* _EXERCISE_
I'd like the entries repeated exactly, without their pictures.

____ PROVIDED ENTRIES

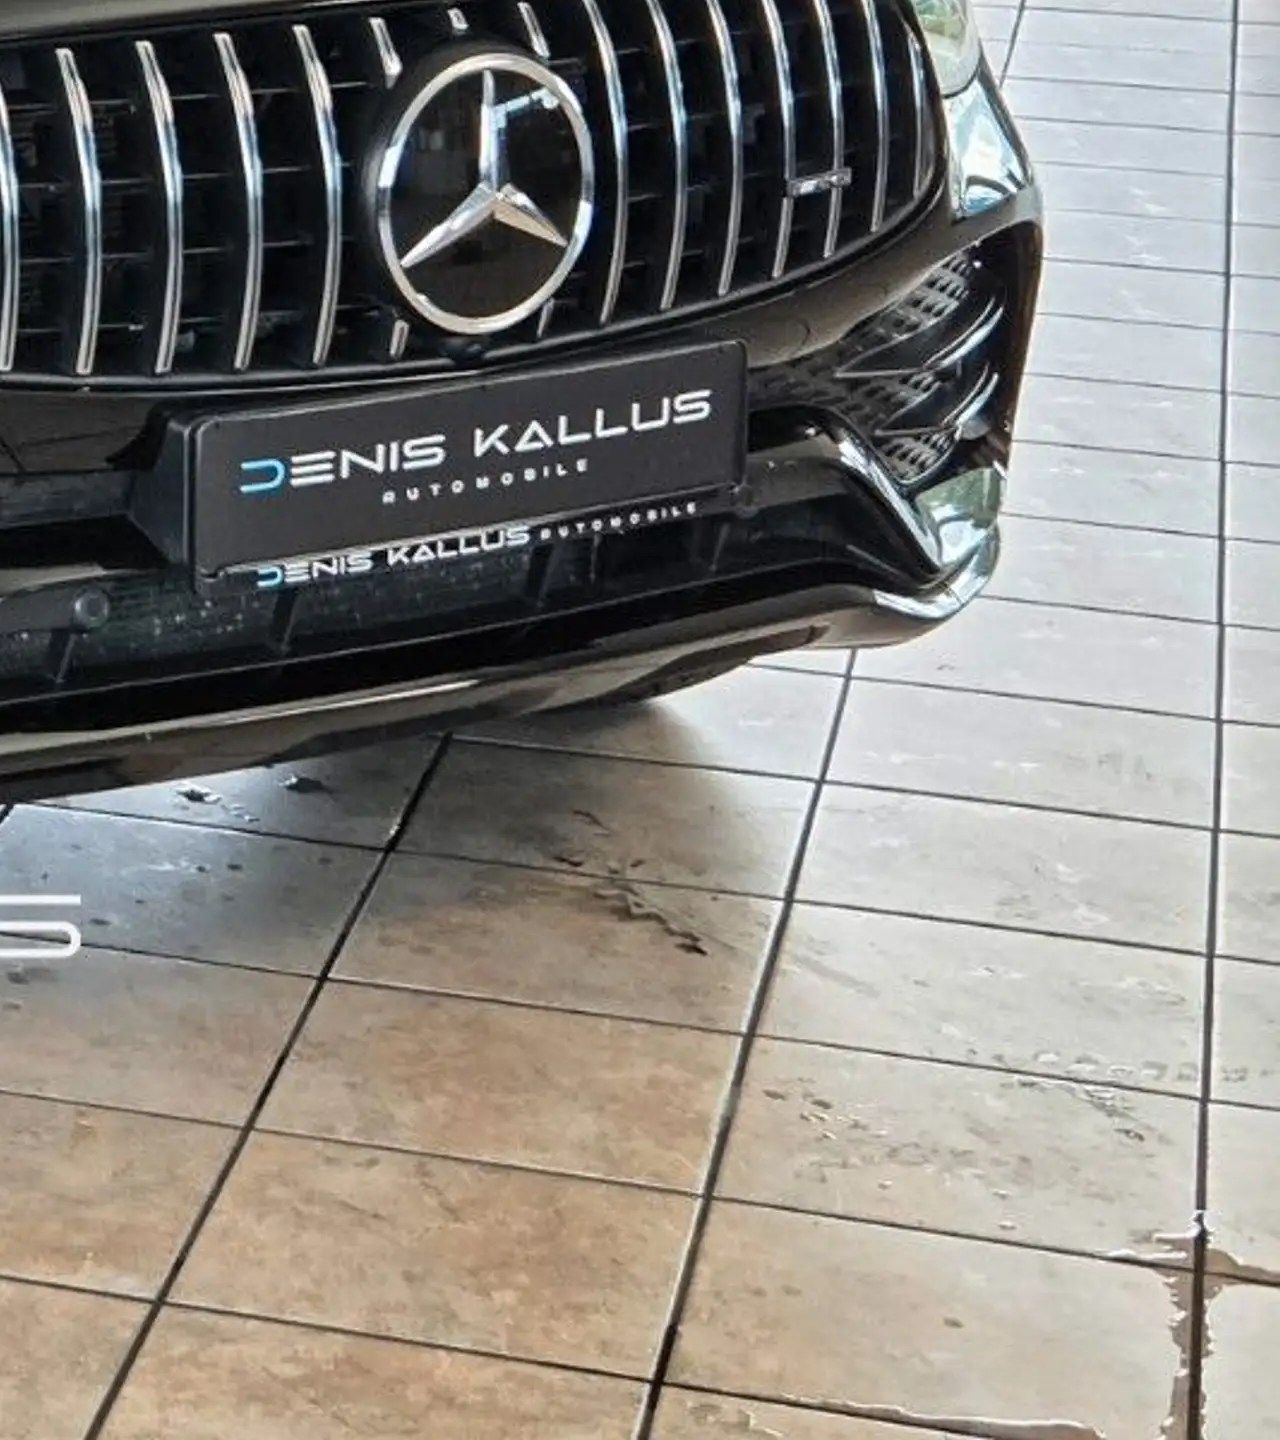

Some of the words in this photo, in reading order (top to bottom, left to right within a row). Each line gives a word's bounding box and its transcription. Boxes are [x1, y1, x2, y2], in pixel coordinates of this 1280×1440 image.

[241, 433, 446, 493] DENIS
[474, 389, 712, 458] KALLUS
[382, 458, 588, 505] AUTOMOBILE
[256, 550, 374, 587] DENIS
[386, 524, 531, 565] KALLUS
[540, 501, 696, 541] AUTOMOBILE
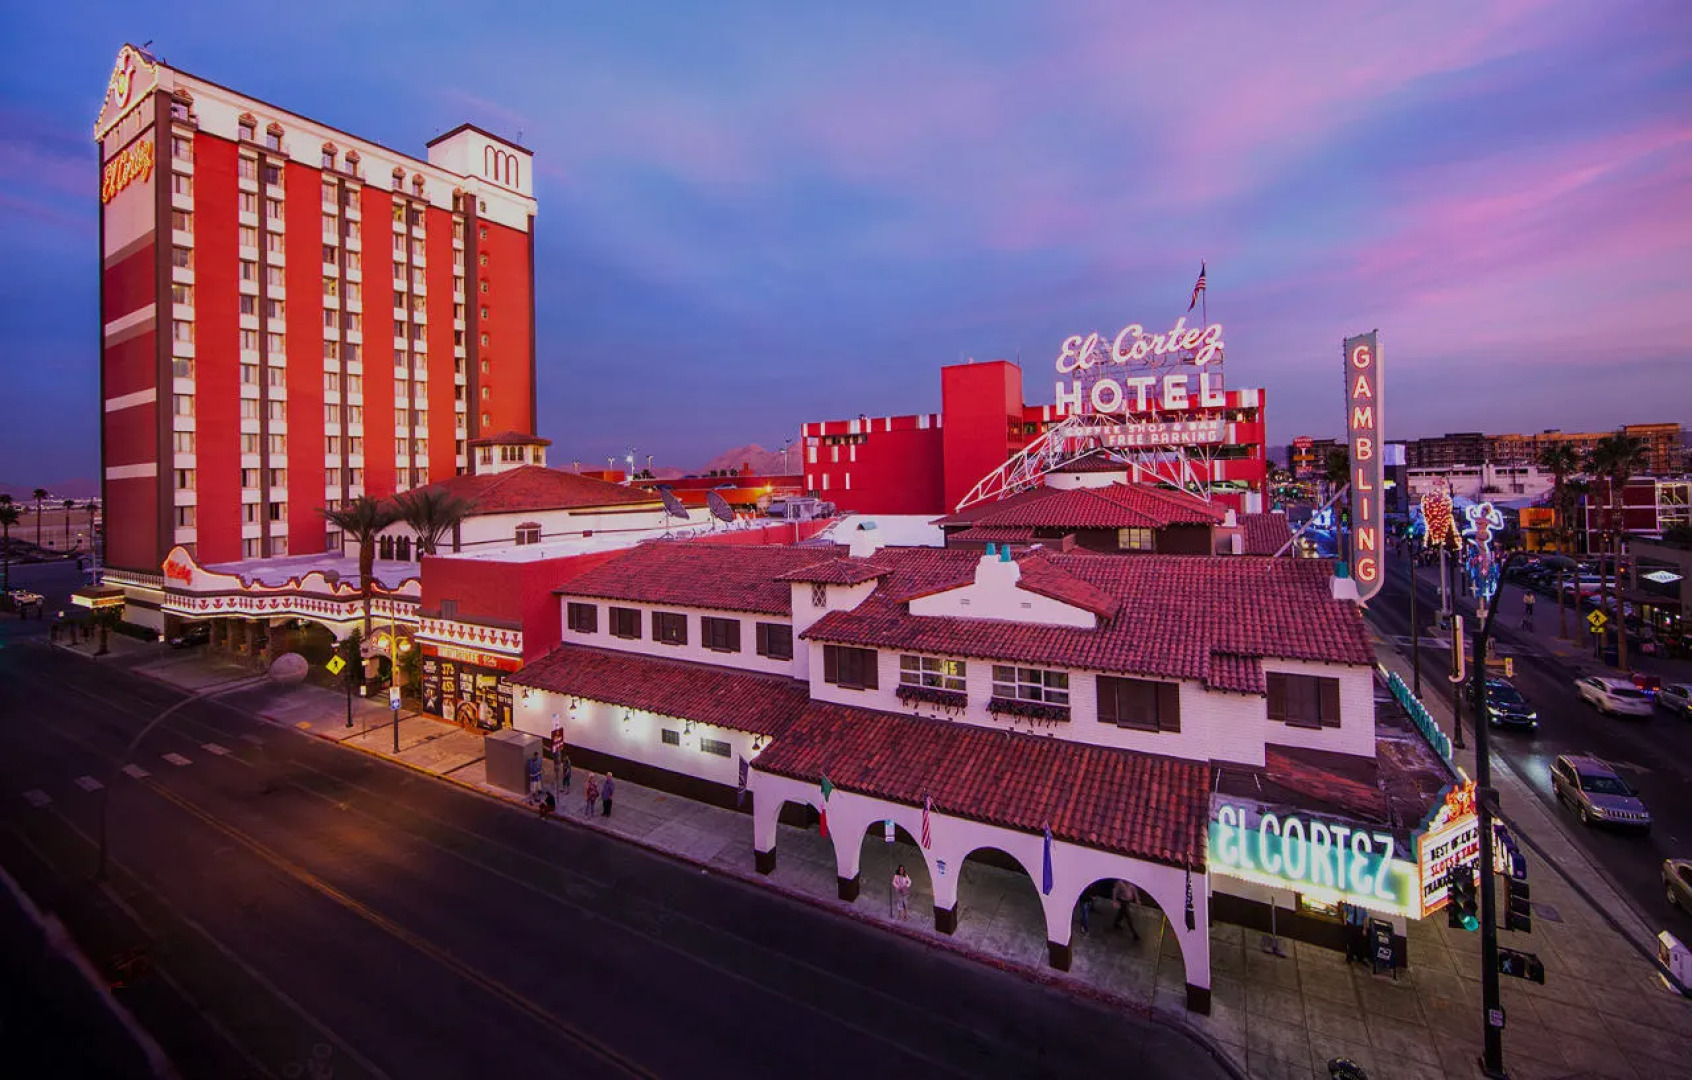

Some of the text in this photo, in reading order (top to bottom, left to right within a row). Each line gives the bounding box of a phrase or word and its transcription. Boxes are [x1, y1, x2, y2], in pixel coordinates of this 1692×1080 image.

________

* _SOLUTION BELOW_
Some of the words in this photo, in reading order (top to bottom, left to right within a row). Each line gives a word's bounding box and its transcription. Boxes are [x1, y1, x2, y2], in pixel coordinates of this 1280×1440 image.

[241, 433, 446, 493] DENIS
[474, 389, 712, 458] KALLUS
[382, 458, 588, 505] AUTOMOBILE
[256, 550, 374, 587] DENIS
[386, 524, 531, 565] KALLUS
[540, 501, 696, 541] AUTOMOBILE

Some of the text in this photo, in reading order (top to bottom, left to right within a row). Each line gives the bounding box of a phrase or word and its transcription. Boxes are [x1, y1, x2, y2], in pixel coordinates of this 1692×1080 image.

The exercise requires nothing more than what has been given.